Stored items from a collection
- Opening Delimiter -

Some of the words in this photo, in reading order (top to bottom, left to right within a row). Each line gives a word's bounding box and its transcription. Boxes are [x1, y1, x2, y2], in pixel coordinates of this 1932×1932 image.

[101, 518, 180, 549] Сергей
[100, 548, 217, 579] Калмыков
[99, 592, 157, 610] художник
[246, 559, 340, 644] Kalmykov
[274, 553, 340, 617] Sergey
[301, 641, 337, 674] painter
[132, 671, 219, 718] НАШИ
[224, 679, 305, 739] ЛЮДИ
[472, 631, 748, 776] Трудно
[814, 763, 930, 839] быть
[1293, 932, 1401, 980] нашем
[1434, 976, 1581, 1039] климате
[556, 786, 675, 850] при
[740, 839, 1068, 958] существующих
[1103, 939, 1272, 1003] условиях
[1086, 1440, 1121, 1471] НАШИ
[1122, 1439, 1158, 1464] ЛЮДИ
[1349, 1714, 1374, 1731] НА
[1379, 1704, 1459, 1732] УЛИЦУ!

- Closing Delimiter -

▸ HOW TO COMPLETE THIS TASK: Each line of the data must be set down again as it is.

▸ ANSWER TO THIS PROBLEM:
Some of the words in this photo, in reading order (top to bottom, left to right within a row). Each line gives a word's bounding box and its transcription. Boxes are [x1, y1, x2, y2], in pixel coordinates of this 1932×1932 image.

[101, 518, 180, 549] Сергей
[100, 548, 217, 579] Калмыков
[99, 592, 157, 610] художник
[246, 559, 340, 644] Kalmykov
[274, 553, 340, 617] Sergey
[301, 641, 337, 674] painter
[132, 671, 219, 718] НАШИ
[224, 679, 305, 739] ЛЮДИ
[472, 631, 748, 776] Трудно
[814, 763, 930, 839] быть
[1293, 932, 1401, 980] нашем
[1434, 976, 1581, 1039] климате
[556, 786, 675, 850] при
[740, 839, 1068, 958] существующих
[1103, 939, 1272, 1003] условиях
[1086, 1440, 1121, 1471] НАШИ
[1122, 1439, 1158, 1464] ЛЮДИ
[1349, 1714, 1374, 1731] НА
[1379, 1704, 1459, 1732] УЛИЦУ!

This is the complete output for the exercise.